Keyna mengatakan itu karena ia sudah tidak bisa melakukan apapun lagi untuk Dennis bahkan untuknya juga.
"Kalau aku boleh tau apa hukumanmu?" tanya Keyna.
"Bukan apa-apa Nyonya, hukuman saya ringan jadi Nyonya tidak perlu merasa bersalah," ucap Dennis.
"Benarkah?" tanya Keyna dan kembali diangguki Dennis.
"Kalau begitu, saya permisi Nyonya," ucap Dennis lalu pergi.
Keyna berjalan menuju pintu, ia tetap ingin keluar karena ia sudah berjanji dengan Celine, tidak mungkin Keyna membatalkannya.
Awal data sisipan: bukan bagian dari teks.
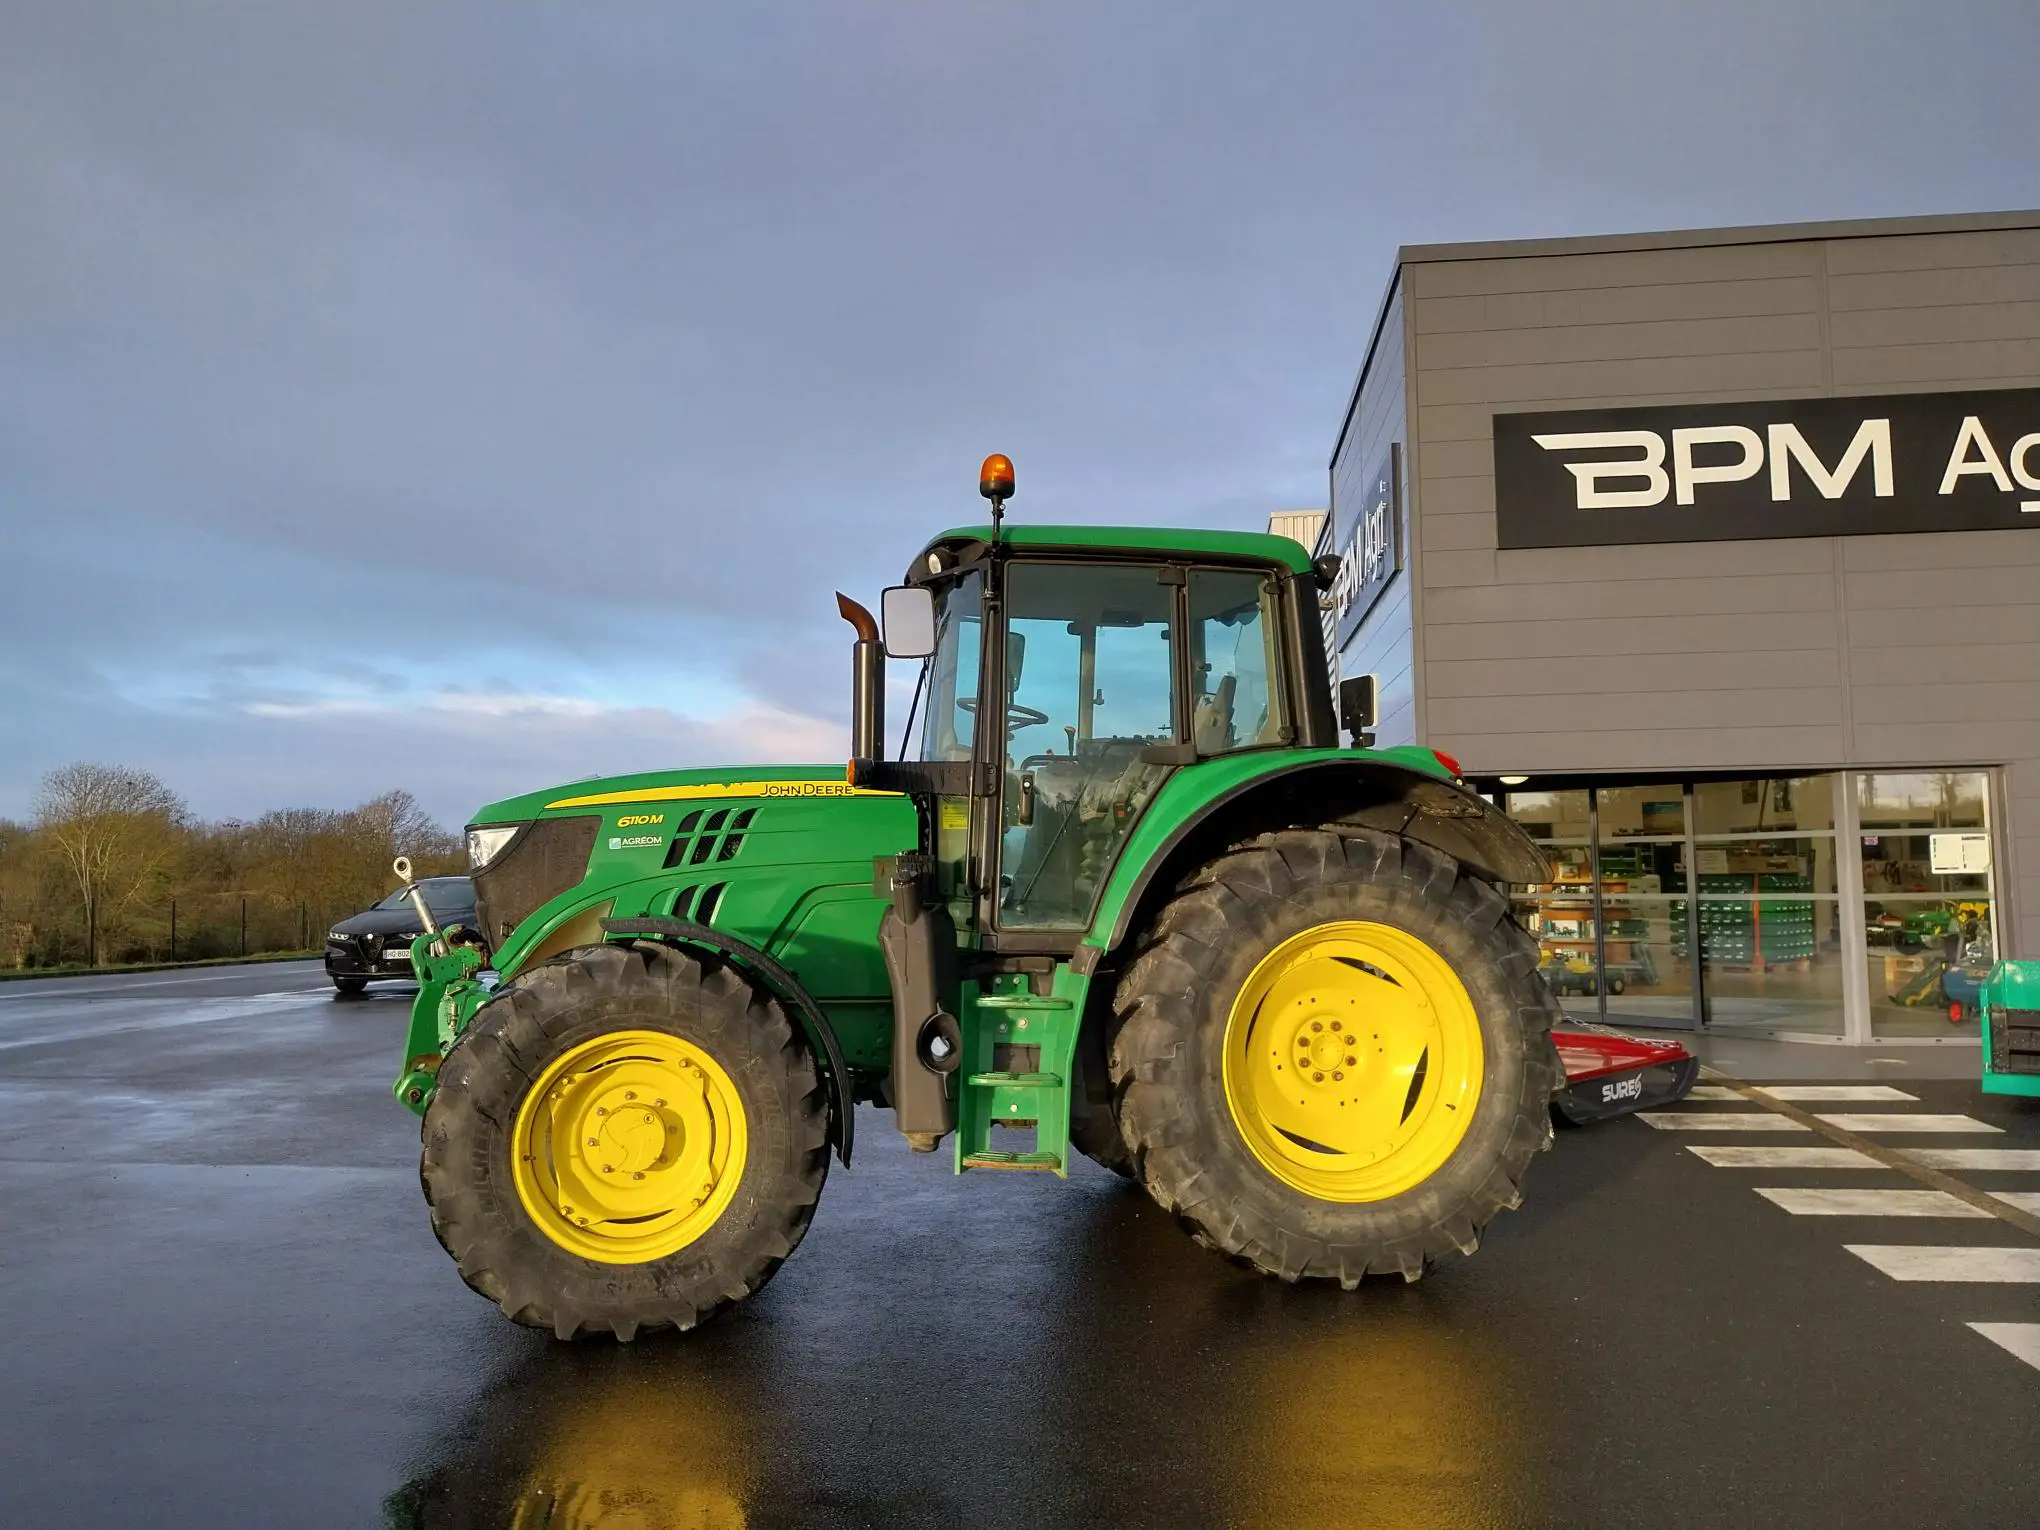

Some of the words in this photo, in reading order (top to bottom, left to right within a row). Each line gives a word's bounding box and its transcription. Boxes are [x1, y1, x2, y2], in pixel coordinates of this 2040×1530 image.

[1530, 418, 1895, 509] BPM
[760, 784, 801, 796] JOHN
[804, 783, 854, 795] DEERE
Baru saja ia akan membuka pintu para pelayan dan pengawal menghadangnya, "Maaf Nyonya, kami tidak berani untuk melawan perintah Tuan Devan, jadi untuk hari ini Nyonya tidak boleh meninggalkan mansion," ucap salah satu pengawal.
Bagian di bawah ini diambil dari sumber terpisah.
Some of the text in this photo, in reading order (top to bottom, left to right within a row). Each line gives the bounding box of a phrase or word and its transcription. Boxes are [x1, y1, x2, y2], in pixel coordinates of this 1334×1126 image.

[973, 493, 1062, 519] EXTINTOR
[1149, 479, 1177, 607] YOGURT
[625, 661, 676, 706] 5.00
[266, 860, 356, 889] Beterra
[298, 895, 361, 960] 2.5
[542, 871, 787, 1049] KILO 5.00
"Tapi aku ada janji dengan sahabatku, tidak mungkin kan aku membatalkannya," ucap Keyna.
"Sekali lagi maaf Nyonya, kami tidak bisa berbuat apa, kecuali menjalankan perintah dari Tuan Devan," ucapnya.
Keyna pun berjalan menuju kamarnya dengan menghentakkan kakinya karena merasa kesal dan sesampainya di kamar, Keyna segera menghubungi Celine dan mengatakan jika hari ini ia tidak jadi pergi dengan Celine dan alasannya karena sakit, Celine berkata dia ingin menjenguk Keyna, tapi Keyna menolaknya hingga Celine berkata jika ada pekerjaan mendadak dan tentunya Keyna senang mendengarnya.
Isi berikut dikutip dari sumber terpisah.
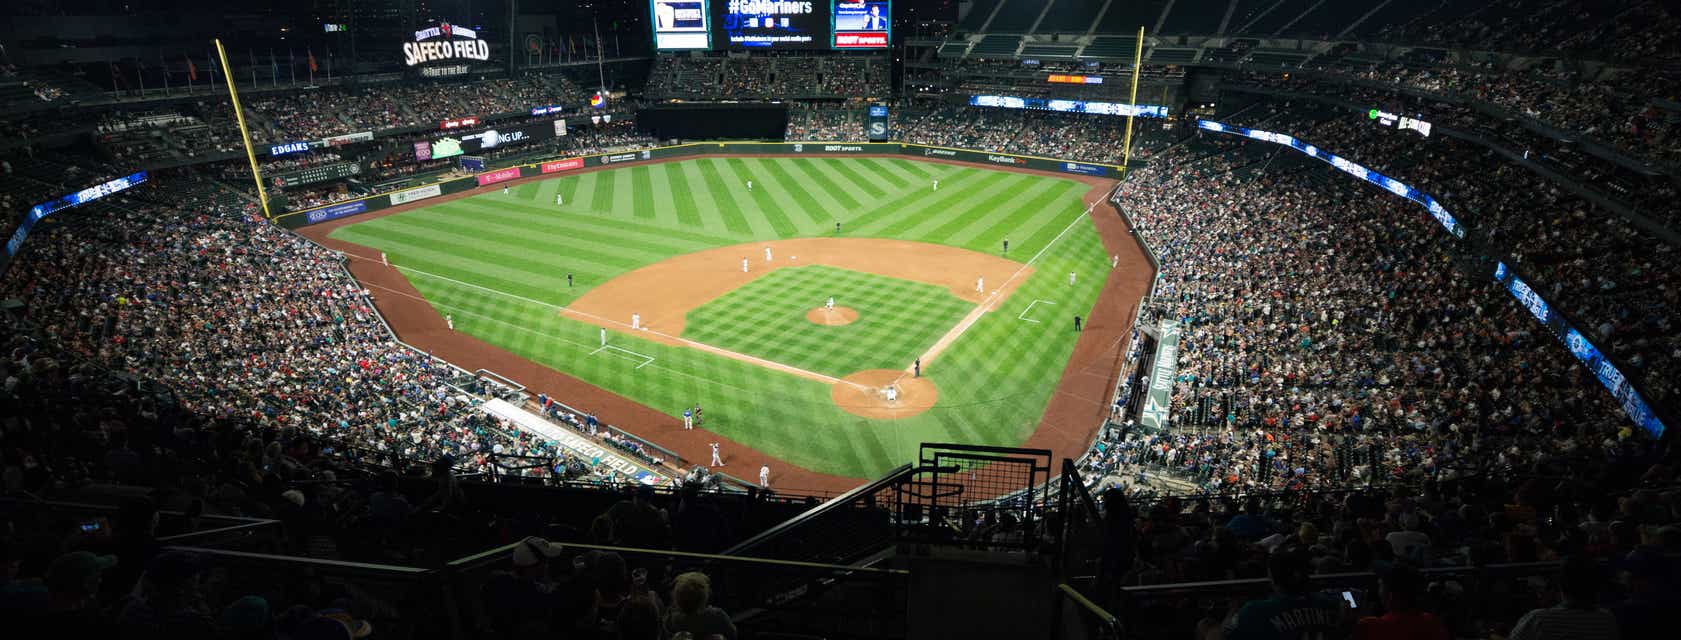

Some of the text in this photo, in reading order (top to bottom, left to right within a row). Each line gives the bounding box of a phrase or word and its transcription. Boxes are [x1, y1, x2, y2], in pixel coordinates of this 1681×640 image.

Keyna sangat bosan berada di kamar, tiba-tiba rasa kesal itu datang jika mengingat perkataan Devan dan tanpa sadar Keyna meneteskan air mata, "Apa aku murahan ya di mata Devan? hiks hiks, apa karena aku sering kencan dengan banyak orang, tapi kan itu karena Mama, hiks hiks, kenapa sakit banget waktu Devan bilang kayak gitu padahal aku udah mulai lupain, tapi ternyata gak bisa lupain," ucap Keyna yang mulai sesegukan.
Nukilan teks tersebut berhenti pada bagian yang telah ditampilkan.